Exact reproduction of all the data is needed.

### LISTED RECORDS
******

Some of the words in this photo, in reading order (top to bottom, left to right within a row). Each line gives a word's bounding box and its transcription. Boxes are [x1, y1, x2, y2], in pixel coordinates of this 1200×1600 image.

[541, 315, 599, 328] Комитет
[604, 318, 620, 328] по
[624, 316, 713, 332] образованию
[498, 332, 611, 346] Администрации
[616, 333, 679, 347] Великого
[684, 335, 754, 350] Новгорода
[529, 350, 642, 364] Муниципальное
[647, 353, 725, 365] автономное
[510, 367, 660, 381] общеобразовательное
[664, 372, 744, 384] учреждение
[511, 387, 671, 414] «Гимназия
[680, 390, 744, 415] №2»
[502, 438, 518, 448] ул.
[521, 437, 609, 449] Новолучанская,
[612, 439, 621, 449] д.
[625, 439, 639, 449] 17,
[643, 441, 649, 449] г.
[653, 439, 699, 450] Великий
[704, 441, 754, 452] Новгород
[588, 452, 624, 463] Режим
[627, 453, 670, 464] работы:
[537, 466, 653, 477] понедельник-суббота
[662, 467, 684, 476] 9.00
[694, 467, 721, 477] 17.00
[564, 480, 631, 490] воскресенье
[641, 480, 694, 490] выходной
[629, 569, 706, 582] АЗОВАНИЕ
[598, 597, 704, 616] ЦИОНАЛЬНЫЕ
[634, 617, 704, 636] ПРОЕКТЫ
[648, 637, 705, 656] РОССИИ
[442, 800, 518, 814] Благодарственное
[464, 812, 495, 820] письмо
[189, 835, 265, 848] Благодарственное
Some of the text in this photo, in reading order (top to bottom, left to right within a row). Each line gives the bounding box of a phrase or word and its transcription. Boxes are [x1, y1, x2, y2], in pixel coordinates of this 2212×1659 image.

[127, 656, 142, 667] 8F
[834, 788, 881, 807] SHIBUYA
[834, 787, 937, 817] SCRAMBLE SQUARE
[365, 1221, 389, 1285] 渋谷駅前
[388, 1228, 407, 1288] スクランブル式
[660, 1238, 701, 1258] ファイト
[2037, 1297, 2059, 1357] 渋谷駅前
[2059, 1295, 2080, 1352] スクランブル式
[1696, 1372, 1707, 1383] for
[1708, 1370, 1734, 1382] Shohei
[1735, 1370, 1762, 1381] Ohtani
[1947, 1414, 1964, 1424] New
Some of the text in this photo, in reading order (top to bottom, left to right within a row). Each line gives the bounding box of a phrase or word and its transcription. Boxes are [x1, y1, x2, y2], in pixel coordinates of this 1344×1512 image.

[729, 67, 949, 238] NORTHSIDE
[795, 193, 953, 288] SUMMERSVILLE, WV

******

### EXERCISE RESULT
Some of the words in this photo, in reading order (top to bottom, left to right within a row). Each line gives a word's bounding box and its transcription. Boxes are [x1, y1, x2, y2], in pixel coordinates of this 1200×1600 image.

[541, 315, 599, 328] Комитет
[604, 318, 620, 328] по
[624, 316, 713, 332] образованию
[498, 332, 611, 346] Администрации
[616, 333, 679, 347] Великого
[684, 335, 754, 350] Новгорода
[529, 350, 642, 364] Муниципальное
[647, 353, 725, 365] автономное
[510, 367, 660, 381] общеобразовательное
[664, 372, 744, 384] учреждение
[511, 387, 671, 414] «Гимназия
[680, 390, 744, 415] №2»
[502, 438, 518, 448] ул.
[521, 437, 609, 449] Новолучанская,
[612, 439, 621, 449] д.
[625, 439, 639, 449] 17,
[643, 441, 649, 449] г.
[653, 439, 699, 450] Великий
[704, 441, 754, 452] Новгород
[588, 452, 624, 463] Режим
[627, 453, 670, 464] работы:
[537, 466, 653, 477] понедельник-суббота
[662, 467, 684, 476] 9.00
[694, 467, 721, 477] 17.00
[564, 480, 631, 490] воскресенье
[641, 480, 694, 490] выходной
[629, 569, 706, 582] АЗОВАНИЕ
[598, 597, 704, 616] ЦИОНАЛЬНЫЕ
[634, 617, 704, 636] ПРОЕКТЫ
[648, 637, 705, 656] РОССИИ
[442, 800, 518, 814] Благодарственное
[464, 812, 495, 820] письмо
[189, 835, 265, 848] Благодарственное
Some of the text in this photo, in reading order (top to bottom, left to right within a row). Each line gives the bounding box of a phrase or word and its transcription. Boxes are [x1, y1, x2, y2], in pixel coordinates of this 2212×1659 image.

[127, 656, 142, 667] 8F
[834, 788, 881, 807] SHIBUYA
[834, 787, 937, 817] SCRAMBLE SQUARE
[365, 1221, 389, 1285] 渋谷駅前
[388, 1228, 407, 1288] スクランブル式
[660, 1238, 701, 1258] ファイト
[2037, 1297, 2059, 1357] 渋谷駅前
[2059, 1295, 2080, 1352] スクランブル式
[1696, 1372, 1707, 1383] for
[1708, 1370, 1734, 1382] Shohei
[1735, 1370, 1762, 1381] Ohtani
[1947, 1414, 1964, 1424] New
Some of the text in this photo, in reading order (top to bottom, left to right within a row). Each line gives the bounding box of a phrase or word and its transcription. Boxes are [x1, y1, x2, y2], in pixel coordinates of this 1344×1512 image.

[729, 67, 949, 238] NORTHSIDE
[795, 193, 953, 288] SUMMERSVILLE, WV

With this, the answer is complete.